И мы, цепляясь друг за друга, побежали, отступая, к воде, на безопасное расстояние. Оглянувшись, мы увидели, что целый отрезок утеса, на котором я стояла незадолго до этого, превратился в хлынувшую вниз реку камней. Рев ее был подобен грому, который я слышала младенцем, но длился дольше и пронизывал меня скорее как тьма, чем как яркое жужжание молнии. Потребовалась по крайней мере минута, чтобы скальные обломки и щебень завершили свой путь к подножию утеса. Мы с Адмиралом Антиком оставались неподвижными, наблюдая за происходящим.
Когда наконец утес прекратил осыпаться и стало тихо, я расплакалась. Дело было не в том, что я едва не погибла. Оползень теперь полностью преградил путь к дыре, где находился крокодиловый скелет. Чтобы добраться туда, потребовалось бы копать годы и годы. Адмирал Антик достал из кармана оловянную фляжку, скрутил с нее крышку, основательно приложился и протянул ее мне. Я вытерла рукавом нос и глаза, потом выпила. До этого я никогда не пробовала крепких напитков. В горле у меня все загорелось, я закашлялась, но плакать все-таки перестала.
– Спасибо, Адмирал Антик, – сказала я, возвращая ему фляжку.
– Должно быть, мы вчера ослабили утес и заставили его обвалиться. Немного сыпалось и до этого, но я подумал… – Адмирал Антик не закончил фразы. – Тебе предстоит проклятущая работа, чтобы все это расчистить. – Он кивнул, указывая на оползень. – Моя лопата тоже там осталась. Похоже, мне придется раздобыть себе другую.
Это было едва ли не комично – то, как быстро обстоятельства заставили его забыть о моем крокодиле.

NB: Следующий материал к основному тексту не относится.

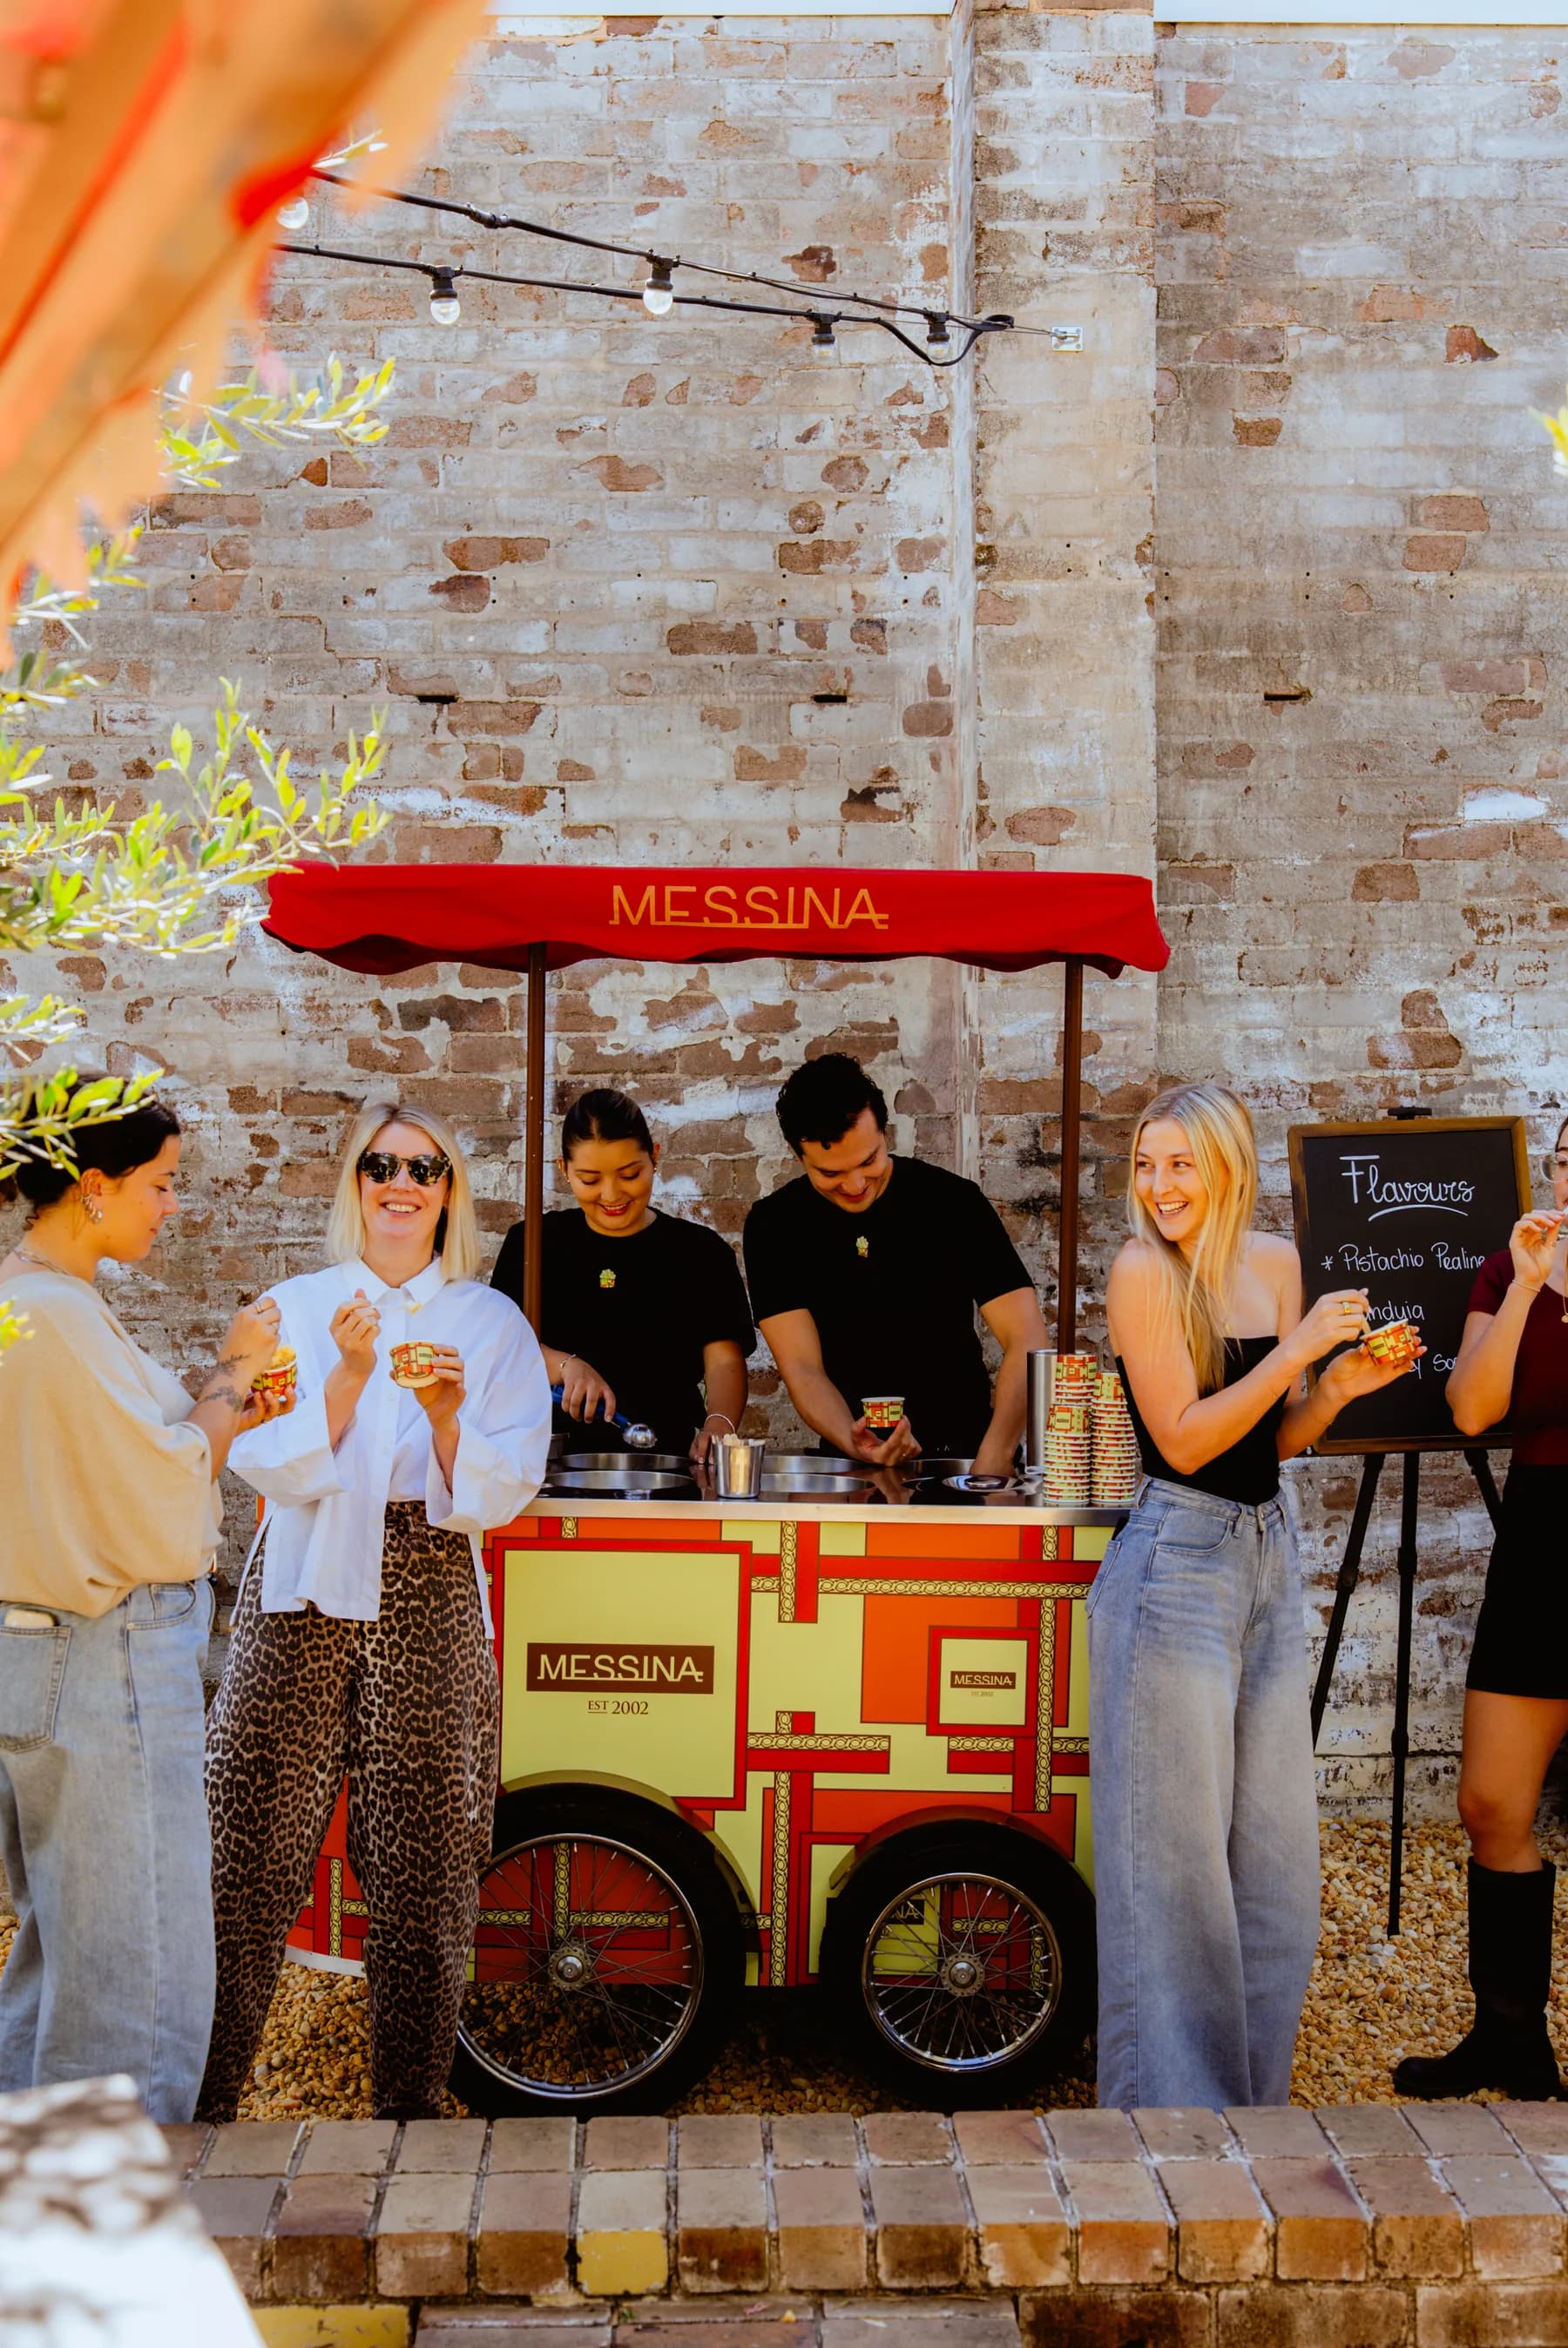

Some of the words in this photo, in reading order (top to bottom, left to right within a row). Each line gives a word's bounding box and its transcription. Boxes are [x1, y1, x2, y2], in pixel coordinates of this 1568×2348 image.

Теперь это снова был мой личный крокодил – погребенный под грудой камня и песка.
4
Не задавайте лишних вопросов!
На протяжении жизни я сталкивалась с несколькими людьми, которые вызывали у меня иногда легкое, иногда сильное презрение, но никто не возмущал меня больше, чем сэр Генри Хоуст Хенли.

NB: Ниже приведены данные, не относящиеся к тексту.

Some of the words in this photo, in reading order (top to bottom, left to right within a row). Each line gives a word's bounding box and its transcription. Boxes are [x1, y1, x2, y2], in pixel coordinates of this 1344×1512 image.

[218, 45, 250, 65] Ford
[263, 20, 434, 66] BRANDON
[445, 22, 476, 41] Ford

Лорд Хенли явился повидаться со мной на следующий день после того, как братья Деи извлекли из утеса череп. Он не почистил ботинки о скобу у входа и пронес уличную грязь в нашу гостиную. Когда Бесси объявила о его приходе, Луизы не было дома, Маргарет вышивала, а я писала письмо нашему брату, чтобы поведать ему о том, что произошло на взморье накануне. Маргарет слегка вскрикнула, сделала лорду Хенли книксен и, извинившись, прошмыгнула в свою комнату наверху. Хотя ей часто приходилось видеть семью Хенли на службах в храме Святого Михаила, она никак не ожидала, что он когда-либо заявится к нам в гости и увидит ее в домашней обстановке.

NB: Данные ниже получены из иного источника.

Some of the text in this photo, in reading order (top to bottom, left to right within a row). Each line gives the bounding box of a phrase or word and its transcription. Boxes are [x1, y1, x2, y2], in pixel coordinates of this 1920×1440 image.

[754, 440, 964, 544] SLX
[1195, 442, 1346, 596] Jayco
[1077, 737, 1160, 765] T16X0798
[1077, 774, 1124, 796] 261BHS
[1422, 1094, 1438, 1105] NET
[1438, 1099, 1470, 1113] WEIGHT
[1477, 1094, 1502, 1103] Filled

Лорд Хенли был очень удивлен поспешным уходом Маргарет, из чего явствовало, что он ничего не знал о размолвке между нею и его другом Джеймсом Футом. Допустим, с тех пор минуло несколько лет – и он мог предполагать, что Маргарет это давно пережила. Или, может, он обо всем забыл: он был не из тех мужчин, которые помнят о том, что обычно подолгу заботит женщин.
Маргарет, однако, все помнила. Старые девы ничего не забывают. Я понимала ее чувства.
Так же, представлялось мне, не заметил лорд Хенли и наших чрезвычайно редких визитов в поместье Колуэй-Мэнор, иначе он не явился бы в коттедж Морли. Он был человеком скудного воображения, неспособным взглянуть на мир глазами кого-то другого. Из-за этого его интерес к окаменелостям представал совершенно абсурдным: для того чтобы поистине оценить, что собой являют окаменелости, требуется скачок воображения, на который он был неспособен.
– Вы должны извинить мою сестру, сэр, – поспешно сказала я. – Как раз перед вашим приходом она жаловалась на кашель. Ей не хотелось бы, чтобы ее болезнь передалась нашему гостю.
Лорд Хенли кивнул, пытаясь быть терпеливым. Здоровье Маргарет явно не было причиной его визита. По моему настоянию он сел в кресло у огня, но на самый краешек, словно бы для того, чтобы в любое мгновение вскочить.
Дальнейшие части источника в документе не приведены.